PhoWhisper-large

vinai

Vietnamese-focused automatic speech recognition model fine-tuned on 844 hours of diverse Vietnamese accents, based on multilingual Whisper architecture

Property	Value
License	BSD-3-Clause
Language	Vietnamese
Downloads	72,556
Framework	PyTorch

What is PhoWhisper-large?

PhoWhisper-large is a state-of-the-art Automatic Speech Recognition (ASR) model specifically designed for the Vietnamese language. It's built by fine-tuning the multilingual Whisper model on an extensive dataset of 844 hours of Vietnamese speech, encompassing various regional accents and dialects.

Implementation Details

The model leverages the Transformer architecture and is implemented using PyTorch. It represents one of five versions developed by VINAI for Vietnamese speech recognition, demonstrating superior performance on benchmark Vietnamese ASR datasets.

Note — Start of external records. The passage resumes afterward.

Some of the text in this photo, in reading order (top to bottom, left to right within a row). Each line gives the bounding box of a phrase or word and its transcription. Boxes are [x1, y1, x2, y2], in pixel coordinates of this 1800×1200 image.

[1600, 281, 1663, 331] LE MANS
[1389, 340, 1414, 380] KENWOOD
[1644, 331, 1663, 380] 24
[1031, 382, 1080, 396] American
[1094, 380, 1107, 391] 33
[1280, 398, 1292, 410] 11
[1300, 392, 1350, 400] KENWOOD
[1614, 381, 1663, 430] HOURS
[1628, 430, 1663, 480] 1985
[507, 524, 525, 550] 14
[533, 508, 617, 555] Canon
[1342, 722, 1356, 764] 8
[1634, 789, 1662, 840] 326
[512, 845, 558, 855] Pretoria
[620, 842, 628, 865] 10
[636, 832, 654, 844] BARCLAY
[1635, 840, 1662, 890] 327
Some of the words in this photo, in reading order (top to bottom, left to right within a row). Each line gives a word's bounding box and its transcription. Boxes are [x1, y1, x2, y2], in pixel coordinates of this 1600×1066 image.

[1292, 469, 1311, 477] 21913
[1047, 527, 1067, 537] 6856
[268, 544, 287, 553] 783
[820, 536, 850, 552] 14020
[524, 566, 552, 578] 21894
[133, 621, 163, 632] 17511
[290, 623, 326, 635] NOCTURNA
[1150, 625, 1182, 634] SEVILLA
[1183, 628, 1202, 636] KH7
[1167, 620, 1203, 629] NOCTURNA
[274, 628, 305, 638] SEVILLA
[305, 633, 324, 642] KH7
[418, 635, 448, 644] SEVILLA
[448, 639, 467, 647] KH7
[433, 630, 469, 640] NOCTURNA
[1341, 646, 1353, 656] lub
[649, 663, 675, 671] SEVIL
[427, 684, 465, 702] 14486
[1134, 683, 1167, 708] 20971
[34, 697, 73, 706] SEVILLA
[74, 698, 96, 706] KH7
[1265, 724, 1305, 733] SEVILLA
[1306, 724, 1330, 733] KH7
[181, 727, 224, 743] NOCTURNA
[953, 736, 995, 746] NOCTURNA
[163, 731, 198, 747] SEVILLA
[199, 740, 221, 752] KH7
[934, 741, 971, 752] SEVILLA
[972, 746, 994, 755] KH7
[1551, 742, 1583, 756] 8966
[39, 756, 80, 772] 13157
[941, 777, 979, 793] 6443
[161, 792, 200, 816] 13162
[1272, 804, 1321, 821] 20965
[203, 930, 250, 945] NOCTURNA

Built on OpenAI's Whisper architecture
Fine-tuned on 844 hours of Vietnamese speech data
Optimized for multiple Vietnamese accents
Implements advanced transformer-based processing

Core Capabilities

High-accuracy Vietnamese speech recognition
Robust performance across different Vietnamese accents
Support for real-world applications through Inference Endpoints
State-of-the-art results on Vietnamese ASR benchmarks

Frequently Asked Questions

Q: What makes this model unique?

PhoWhisper-large stands out for its specialized focus on Vietnamese language processing, extensive training data incorporating diverse accents, and state-of-the-art performance on Vietnamese ASR benchmarks.

Q: What are the recommended use cases?

The model is ideal for Vietnamese speech-to-text applications, including transcription services, voice assistants, and automated subtitle generation for Vietnamese content.